Most times when we are ill, we become focused almost entirely on the physical aspect of healing.
We make sure we get plenty of rest, fluids, medicine and
vitamins. However, in doing so, we often neglect the other forms of healing that are equally important.
For example, our mental health plays just as an important role in our overall well being as our physical health.
There have been many studies to suggest that when we are physically ill, that people who think positively often recover faster than those who think more negatively.
Here, check out an article by Deepak Chopra posted on CNN.com
Editor's note: Deepak Chopra is a mind-body expert who specializes in integrating the healing arts of the East with the best in modern Western medicine. He is the founder of the Chopra Foundation, a senior scientist for the Gallup Organization and a best-selling author. Learn more at
(CNN) -- Observers may have noticed recently that mainstream medicine is
taking a harder line against positive thinking.
Surveys of the leading research in the field conclude that recovery rates
from cancer, for example, are not higher among patients who take a positive
attitude about fighting their disease. Studies that show the reverse have
been small and, according to their critics, flawed in serious ways.
Anyone would be forgiven for throwing up their hands. This seems like another
example of dueling data, where one study's findings are contradicted by the
next study, leaving the public in a state of confusion.
Doctors are confused, too. It has always been part of a doctor's kit bag to
tell patients to keep their spirits up. Until a few decades ago, it was
standard not to acquaint a dying patient with the gravity of his condition,
which implies an unspoken agreement that hearing bad news isn't good for
patients.
At the same time, doctors want to protect their profession, so few want to
cross the line and support the notion that how you think can work as
powerfully as "real" medicine.
Let's see if some of this confusion can be cleared up.

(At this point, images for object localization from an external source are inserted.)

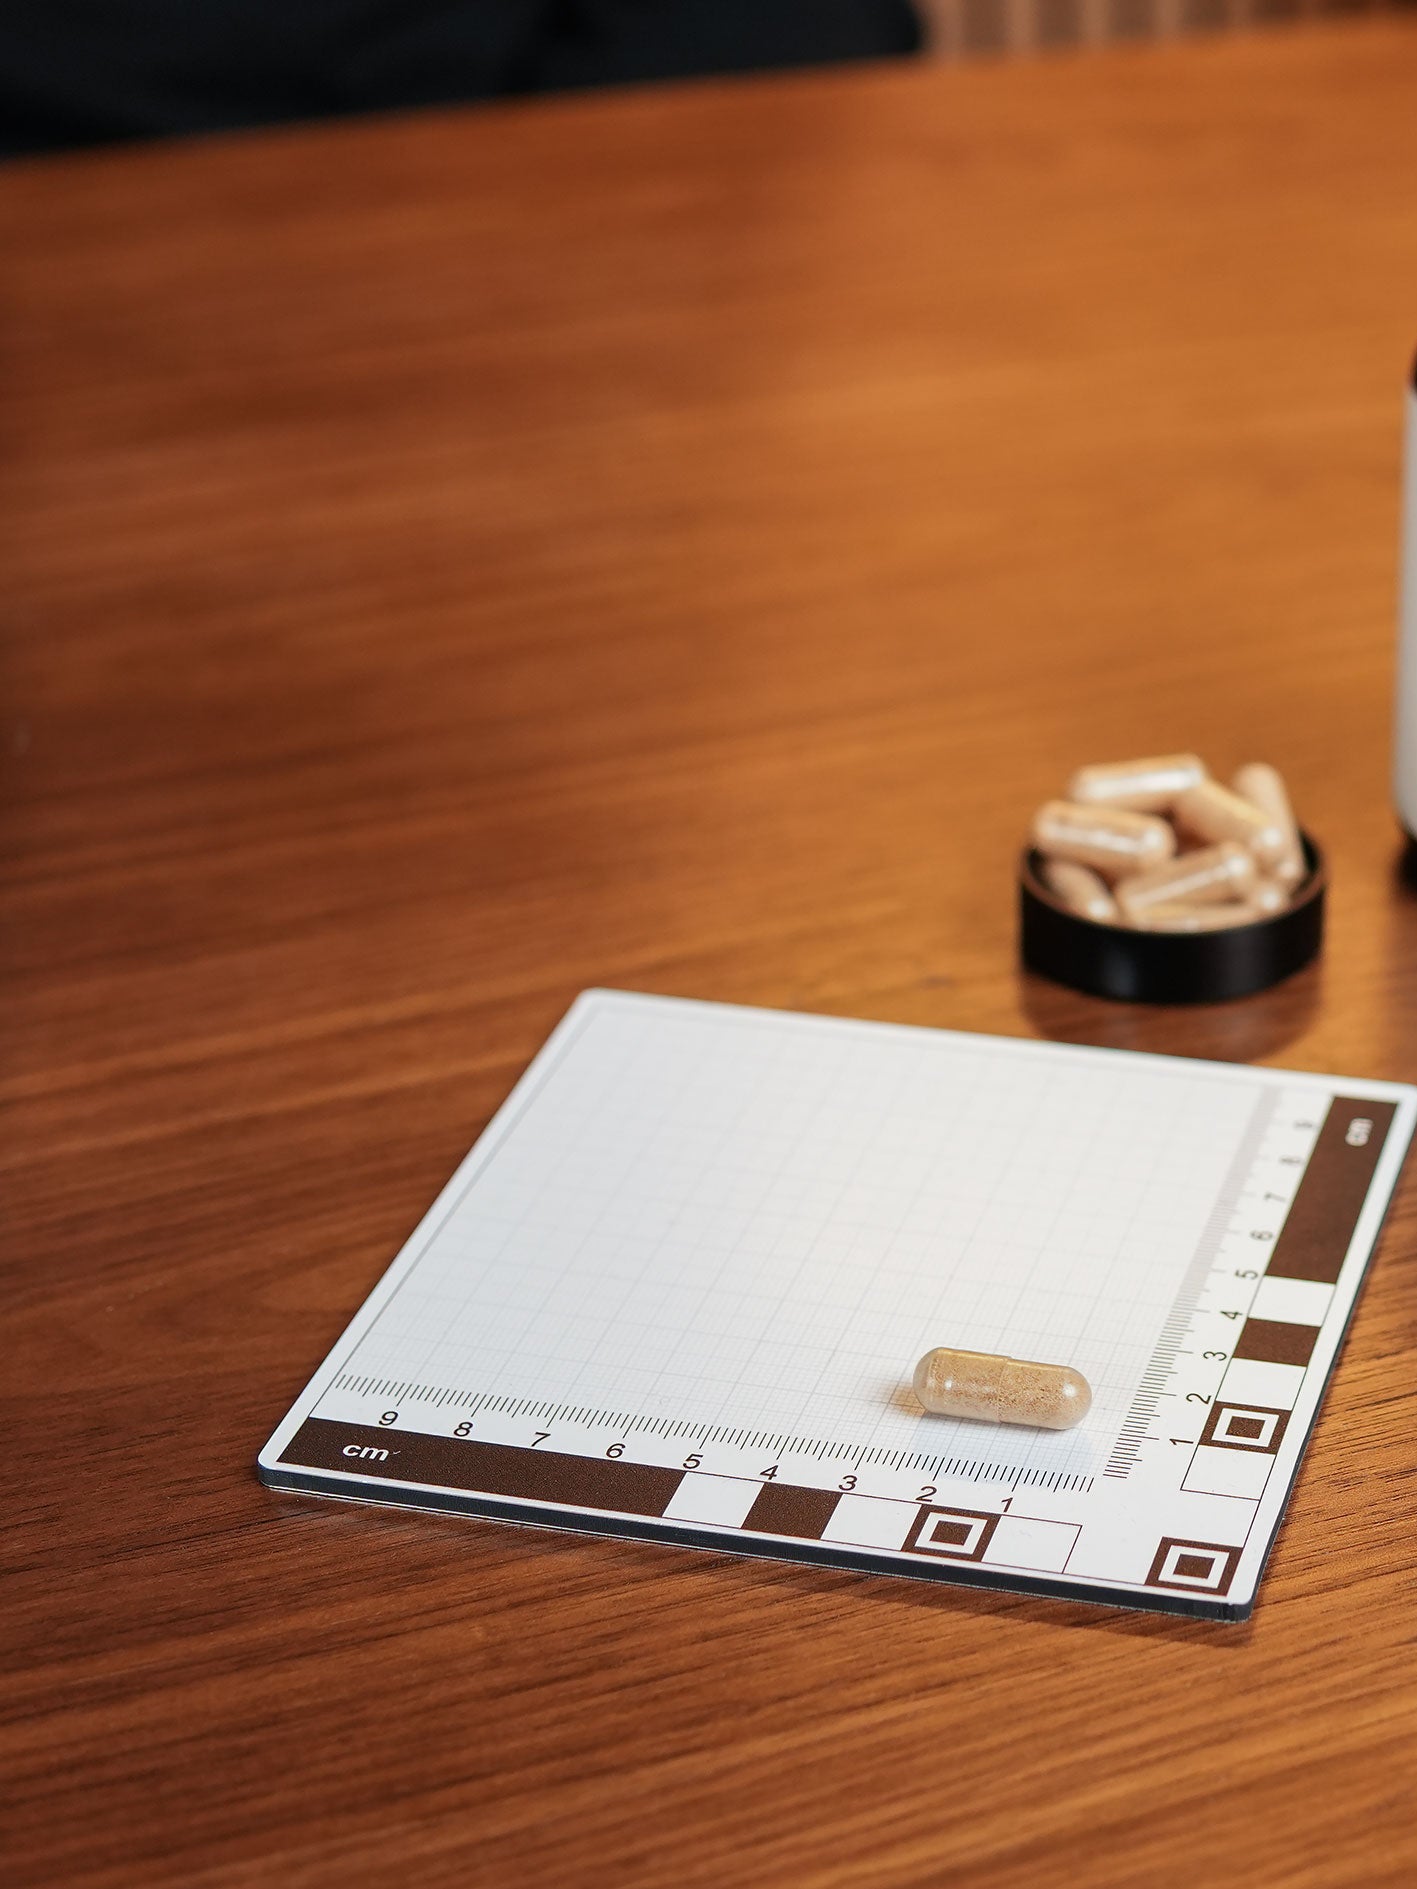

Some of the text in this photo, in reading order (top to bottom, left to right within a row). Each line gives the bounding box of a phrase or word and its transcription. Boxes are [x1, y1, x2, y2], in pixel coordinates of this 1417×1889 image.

[1169, 1438, 1194, 1446] 1
[1185, 1393, 1212, 1405] 2
[1203, 1351, 1227, 1362] 3
[1220, 1310, 1243, 1320] 4
[1235, 1269, 1260, 1280] 5
[1249, 1230, 1274, 1242] 6
[1263, 1192, 1288, 1204] 7
[342, 1441, 390, 1463] cm
[378, 1410, 1014, 1514] 9 8 7 6 5 4 3 2 1

Deepak Chopra says there can be no denying that the mind-body connection is
powerful.
Deepak Chopra says there can be no denying that the mind-body connection is
powerful.
First of all, thinking is "real" medicine, as proven by the placebo effect.

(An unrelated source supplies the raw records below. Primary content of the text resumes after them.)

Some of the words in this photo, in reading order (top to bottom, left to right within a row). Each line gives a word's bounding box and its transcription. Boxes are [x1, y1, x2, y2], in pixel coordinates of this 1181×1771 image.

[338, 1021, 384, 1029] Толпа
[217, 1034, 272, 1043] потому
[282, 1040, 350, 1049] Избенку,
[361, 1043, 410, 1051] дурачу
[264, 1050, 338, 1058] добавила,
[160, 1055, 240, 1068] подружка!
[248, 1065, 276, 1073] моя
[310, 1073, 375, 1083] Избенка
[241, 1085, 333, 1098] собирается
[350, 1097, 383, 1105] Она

When given a sugar pill in place of a prescription drug, an average of 30% of
subjects will show a positive response. What causes this response isn't a
physical substance but the activity of the mind-body connection. Expectations
are powerful. If you think you've been given a drug that will make you
better, often that is enough to make you better.

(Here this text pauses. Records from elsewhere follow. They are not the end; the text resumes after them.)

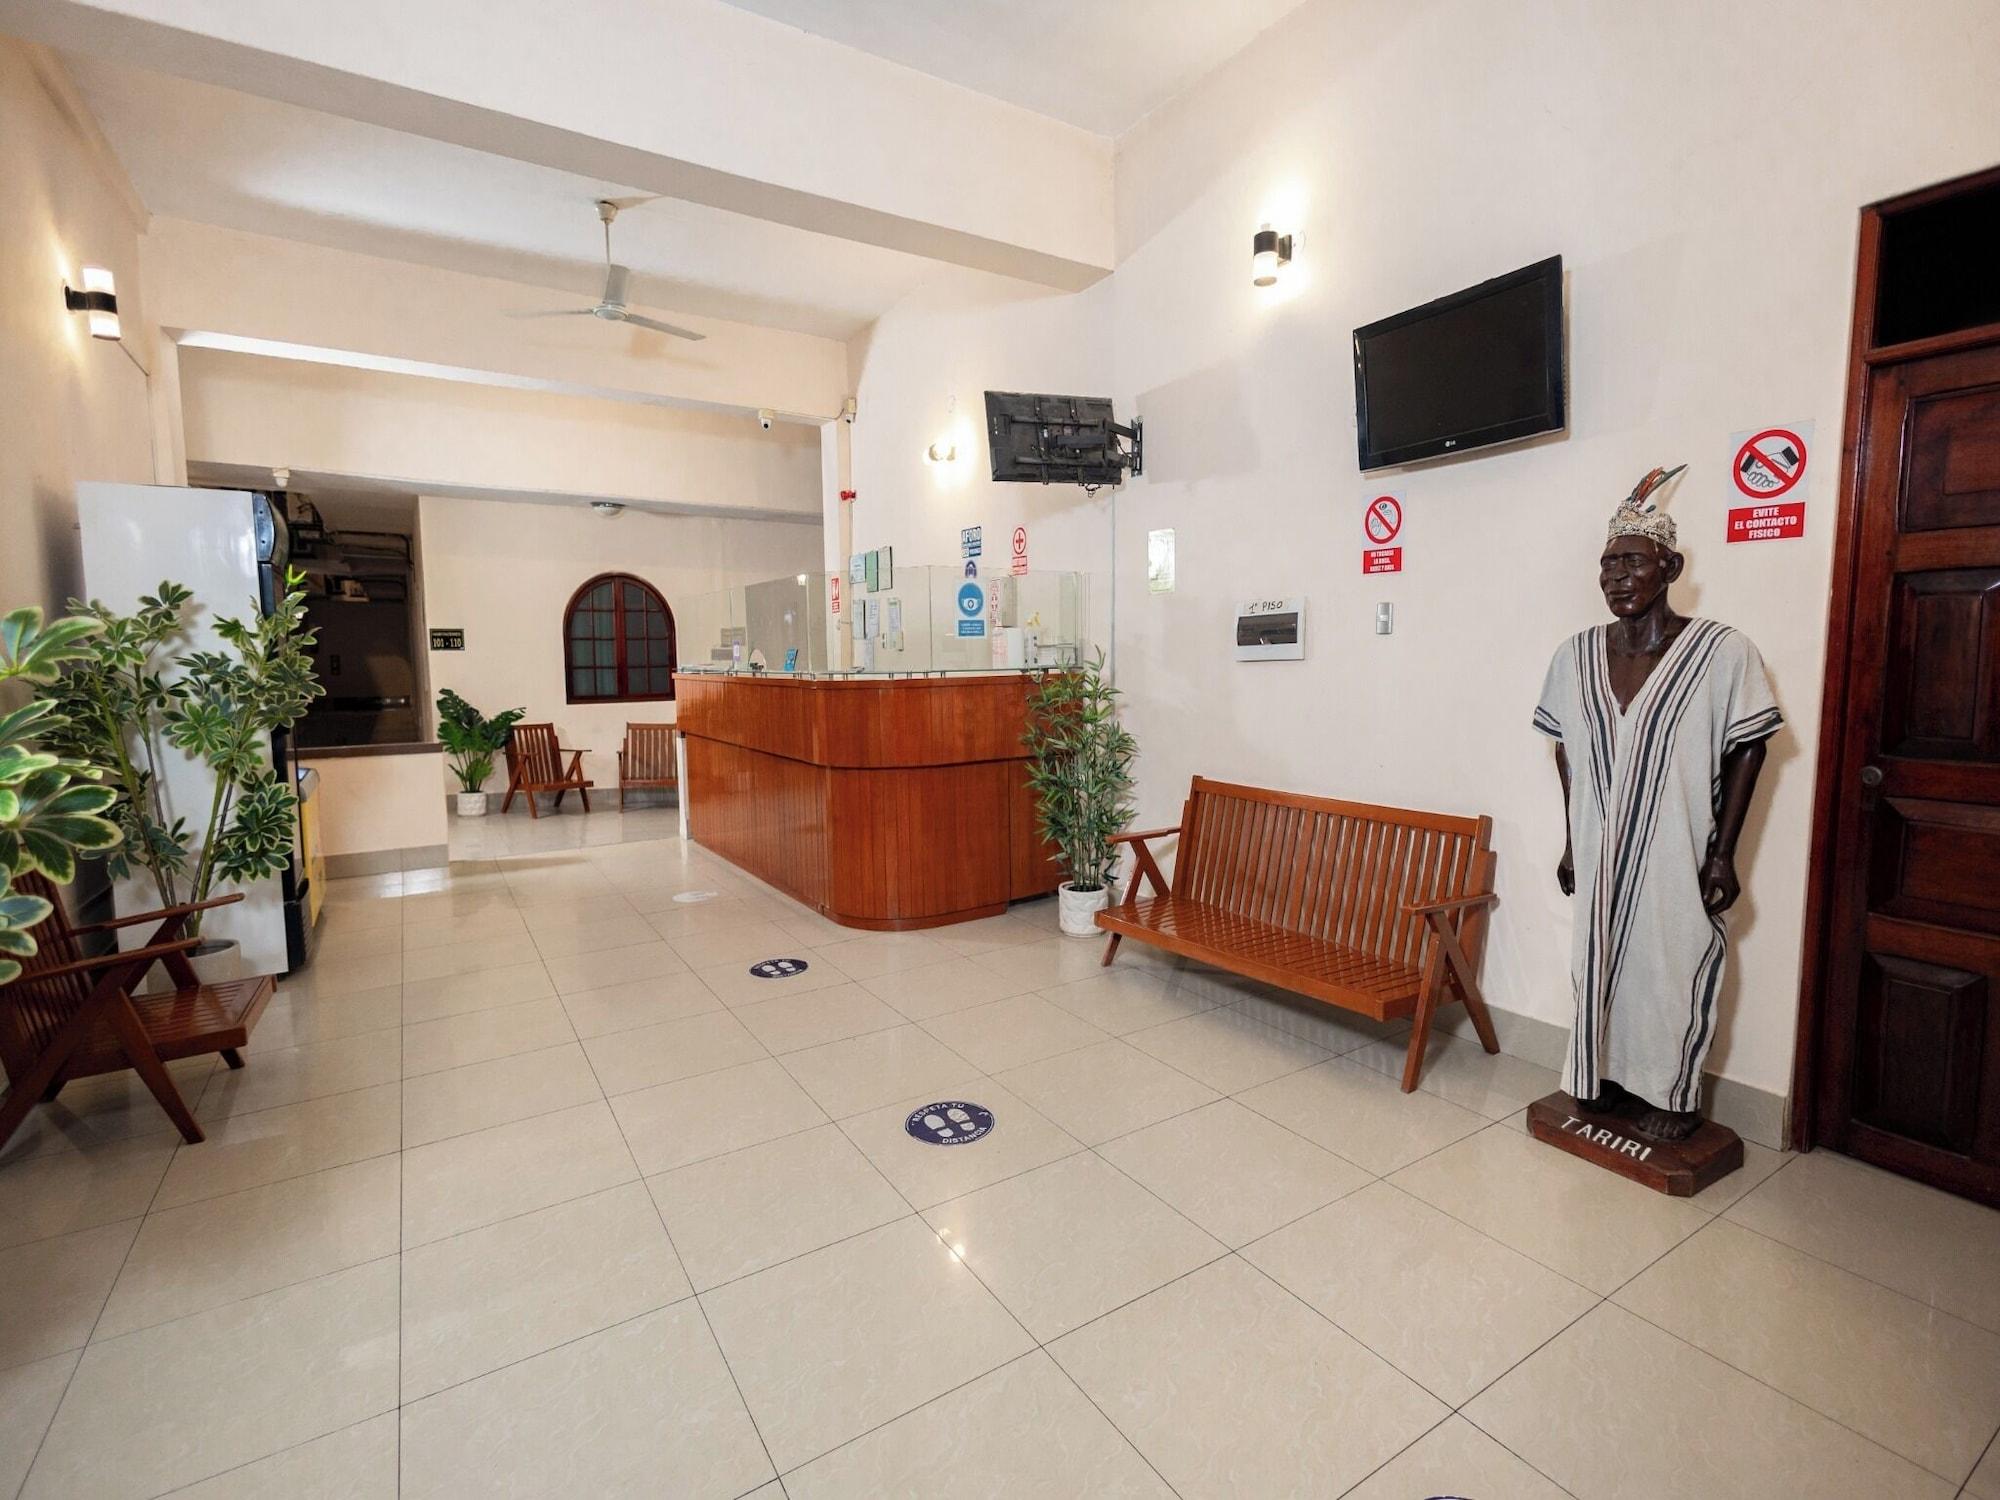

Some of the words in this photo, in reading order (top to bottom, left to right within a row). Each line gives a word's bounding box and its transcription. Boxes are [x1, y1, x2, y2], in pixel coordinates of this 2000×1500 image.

[1752, 506, 1780, 518] EVITE
[1734, 520, 1745, 530] EL
[1746, 515, 1797, 530] CONTACTO
[1748, 528, 1781, 539] FISICO
[1261, 600, 1284, 612] PISO
[432, 637, 445, 648] 101
[449, 637, 462, 648] 110
[912, 1103, 948, 1122] RESPETA
[941, 1126, 988, 1144] DISTANCIA
[1560, 1115, 1654, 1162] TARIRI

This implies that a person should be able to trigger the placebo effect on
himself. However, there is a psychological illusion involved. Take away the
authority figure in a white coat to tell you that you are taking an effective
drug, and suddenly the sugar pill is just a sugar pill. You can't fool
yourself when you know what the placebo is.
This can't be the whole story, however. We can't deny that the mind-body
connection is powerful. So is there a placebo effect that doesn't involve
fooling the patient? Can you trigger your own inner defenses by the way you
think?
Those who believe in positive thinking say yes. I believe the situation is
more nuanced. On the plus side, the studies that debunk positive thinking
deal with very sick patients struggling to recover from major diseases. They
do not comment on how positive thinking might prevent disease or how it might
affect someone in the very early stages of illness.
The real point isn't to rescue a dying patient but to maintain wellness.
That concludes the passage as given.